Cabbies draw support against Uber, Lyft

Ride-sharing services such as Uber, Lyft and Sidecar have stormed into the paid-transportation business with superior price points. But now, with the help of local politicians, cab companies are striking back.

On Tuesday, Los Angeles City Council members Paul Koretz, Gilbert Cedillo and Paul Krekorian threw their support behind state Assembly Bill 612, as angry cabdrivers protested at City Hall. If the bill is passed, it would force ride-share services to have the same requirements as traditional cab companies. That includes vehicle inspections, drug testing, background checks and primary insurance for all its drivers.

Koretz, councilman for District 5, said the bill will make these services safer to riders. “The insurance isn’t adequate, the background checks aren’t adequate, and we’re finding there are felons on the road,” he said.

Uber released a statement calling the protest an attempt to “distract from the facts.”

“While Uber is focused on offering a safe, convenient and reliable transportation alternative, Big Taxi is choosing to spread misinformation and line their pockets,” the statement said. “This legislation is not about safety or consumers; it’s about protecting entrenched Sacramento special interests from competition. Californians across the state support innovation, consumer choice and economic opportunity – it’s time for the legislature to listen to the voice of people over the voice of the status quo.”
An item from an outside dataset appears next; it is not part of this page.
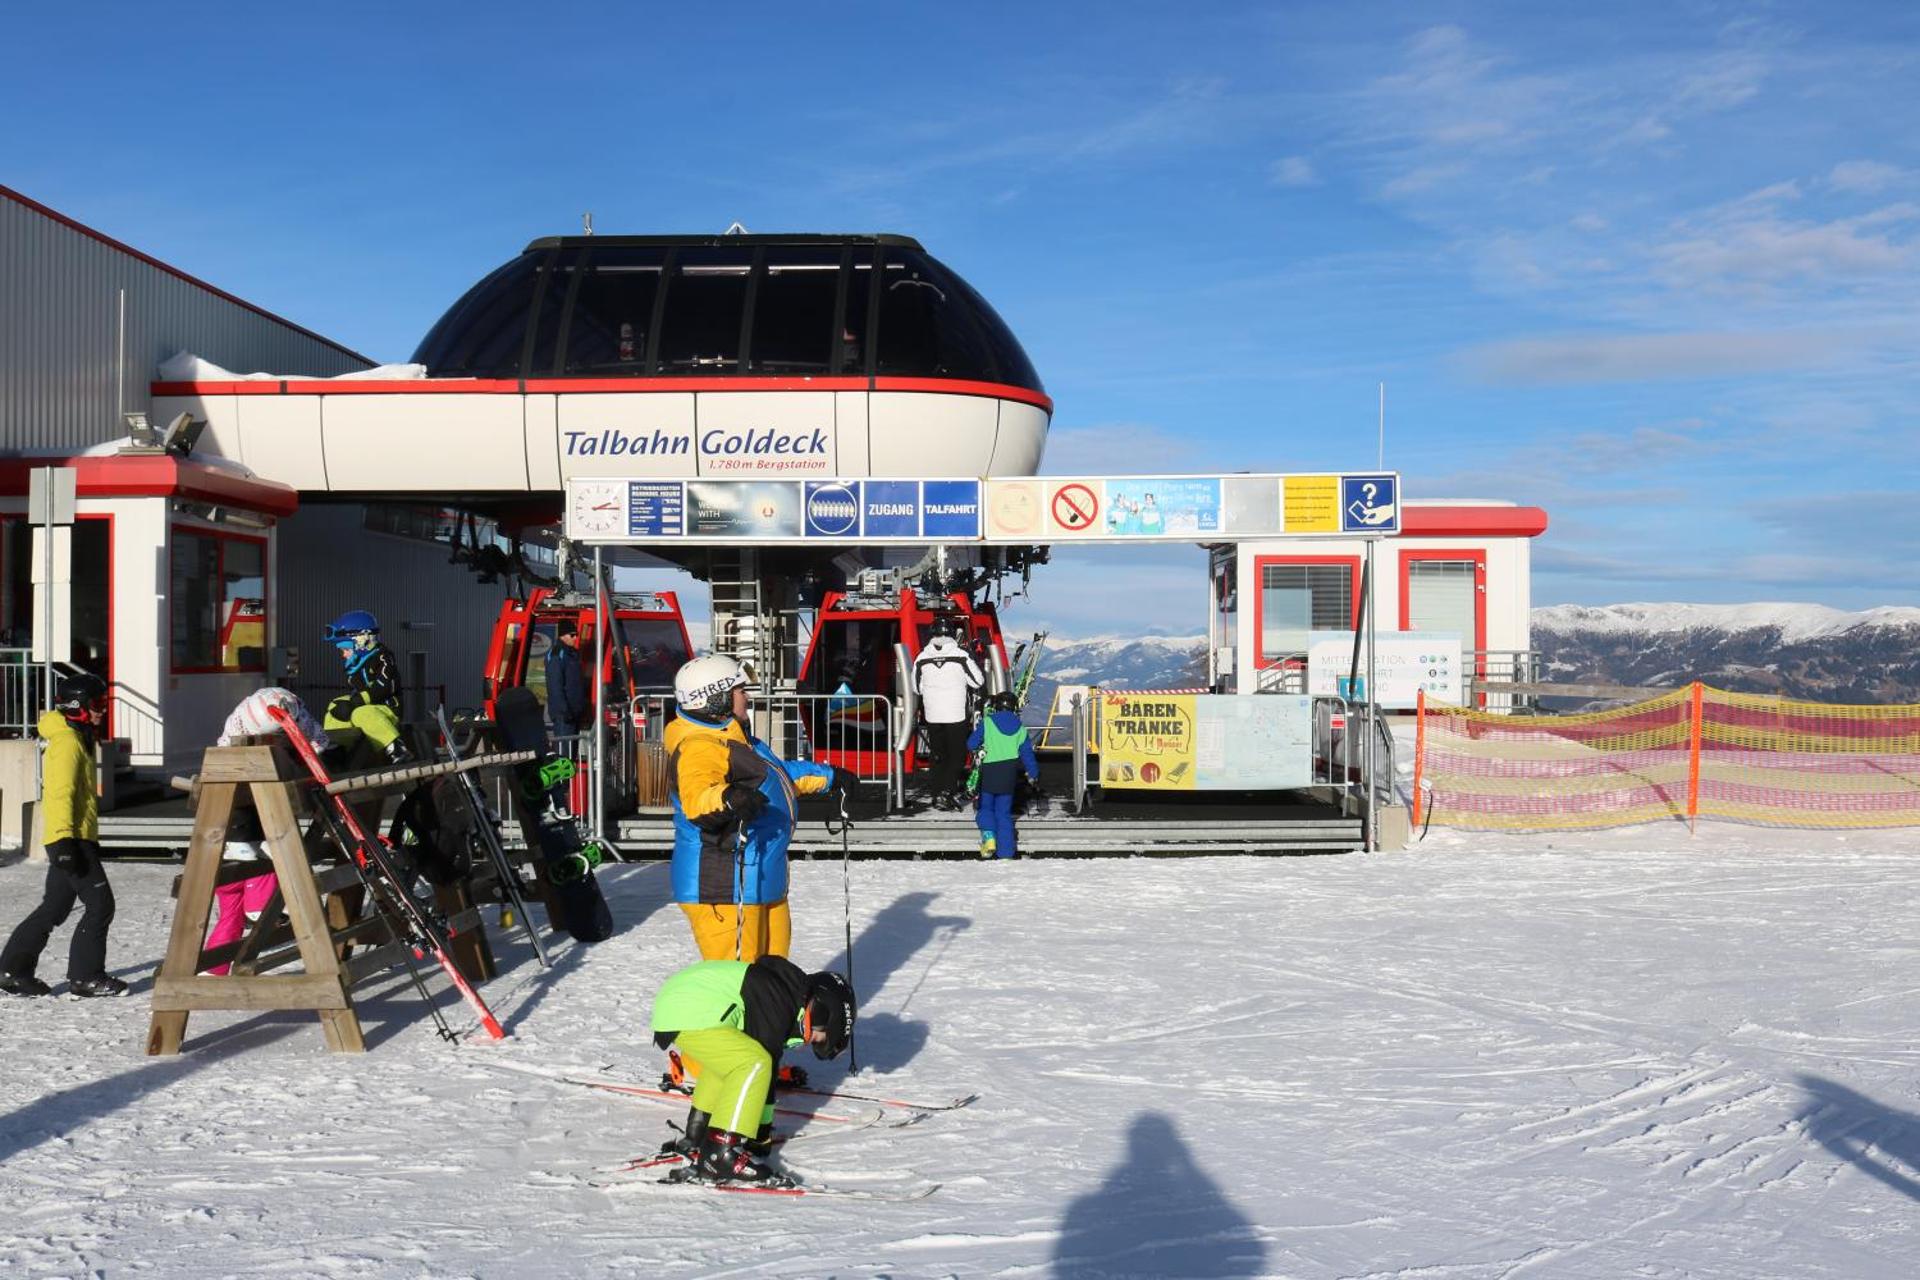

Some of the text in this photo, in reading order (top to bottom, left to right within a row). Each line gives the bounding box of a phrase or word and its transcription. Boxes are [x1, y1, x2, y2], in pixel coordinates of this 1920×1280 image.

Since Uber sprang up in March 2010, that company and other smartphone app-driven transportation services have grown rapidly. Uber and its lower-cost UberX provide services in 40 countries and 58 U.S. cities. The company has been in Los Angeles for two years and in Orange County since September.

Last Friday, Uber said it had raised $1.2 billion from investors, giving the company a stunning $18 billion total valuation.

While traditional cabs are regulated by cities and counties, ride-share services are looked after by the California Public Utilities Commission. Among other things, cabdrivers are required to have permits to pick up customers. Uber lets passengers pay without cash, through Internet accounts, and eliminates tips.

That has disrupted incumbents such as Gardena-based Yellow Cab. Now that company is throwing its weight behind the bill, said Marco Soto, Yellow Cab’s vice president of marketing and public affairs. He said Uber and other companies are able to avoid buying insurance that his company and others are required to have.

“They’re able to undercut the price of taxicabs significantly because insurance is a third of the cab company’s cost structure,” Soto said.